Net income for the three months ended December 27, 2003 amounted to $20.1 million, or $0.71 per Common Unit, compared to $23.3 million, or $0.92 per Common Unit, for the three months ended December 28, 2002. Earnings before interest, taxes, depreciation and amortization ("EBITDA") amounted to $37.1 million compared to $39.2 million for the prior year quarter. Results for the first quarter of fiscal 2004 include the results from the December 23, 2003 acquisition of the assets of Agway Energy from the date of acquisition through the end of the quarter. The weighted average number of Common Units outstanding increased 12.2% as of the end of the first quarter of fiscal 2004 compared to the prior year quarter, as a result of the successful follow-on equity offerings completed in June and December of 2003.
Temperatures nationwide, as reported by the National Oceanic and Atmospheric Administration ("NOAA"), averaged 7% warmer than normal in the first quarter of fiscal 2004 compared to 2% colder than normal in the prior year quarter, or 9% warmer temperatures year-over-year. Retail propane gallons sold in the first quarter of fiscal 2004 decreased 5.7% to 131.9 million gallons compared to 139.9 million gallons in the prior year quarter, primarily due to the warmer nationwide average temperatures. Revenues increased 10.8% to $221.1 million from $199.6 million in the prior year quarter, primarily as a result of higher average selling prices attributable to higher propane costs during the quarter offset, to an extent, by lower volumes sold as noted above. Additionally, the increase in revenues reflects sales activity from Agway Energy from the date of the acquisition.
Combined operating and general and administrative expenses of $73.7 million were $5.8 million, or 8.5%, above the prior year quarter of $67.9 million. Operating expenses in the first quarter of fiscal 2004 included a $0.8 million unrealized (non-cash) loss attributable to the mark-to-market on derivative instruments ("FAS 133"), compared to a $1.0 million unrealized loss attributable to FAS 133 in the prior year period. The increase in combined operating and general and administrative expenses is primarily attributable to higher employee compensation and benefit related expenses and higher pension and insurance costs, as well as the addition of the Agway Energy operations.

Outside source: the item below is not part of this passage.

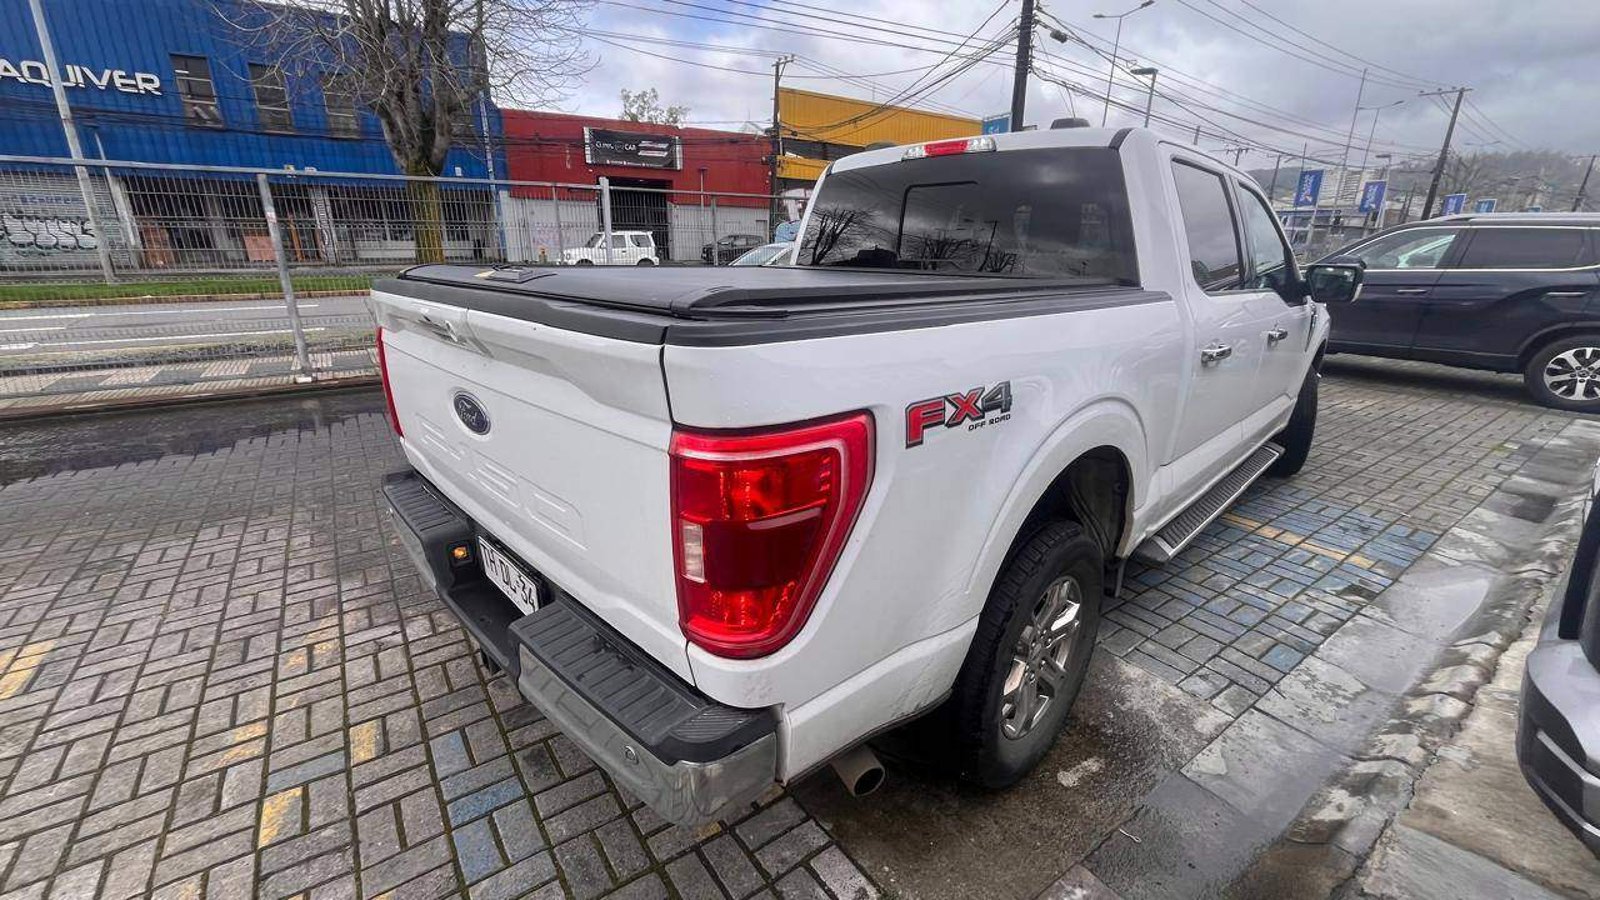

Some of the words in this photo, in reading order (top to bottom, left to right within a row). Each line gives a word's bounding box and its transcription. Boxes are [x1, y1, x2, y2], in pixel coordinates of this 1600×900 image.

Depreciation and amortization expense increased 3.7% to $7.2 million, resulting from additional depreciation attributable to the acquired assets. Net interest expense increased $0.8 million, or 9.0%, to $9.7 million in the first quarter of fiscal 2004 compared to $8.9 million in the prior year quarter, primarily as a result of a one-time fee of $1.9 million related to financing commitments for the acquisition of Agway Energy. Substantially all of the assets of Agway Energy were acquired for $206.0 million, subject to adjustments, through a combination of funds raised through an equity offering and the issuance of $175.0 million aggregate principal amount of 6.875% senior unsecured notes due in 2013. Offsetting the impact of the one-time fee of $1.9 million, net interest expense decreased as a result of lower amounts outstanding under our revolving credit facility and $42.5 million lower amounts outstanding under our 7.54% senior notes.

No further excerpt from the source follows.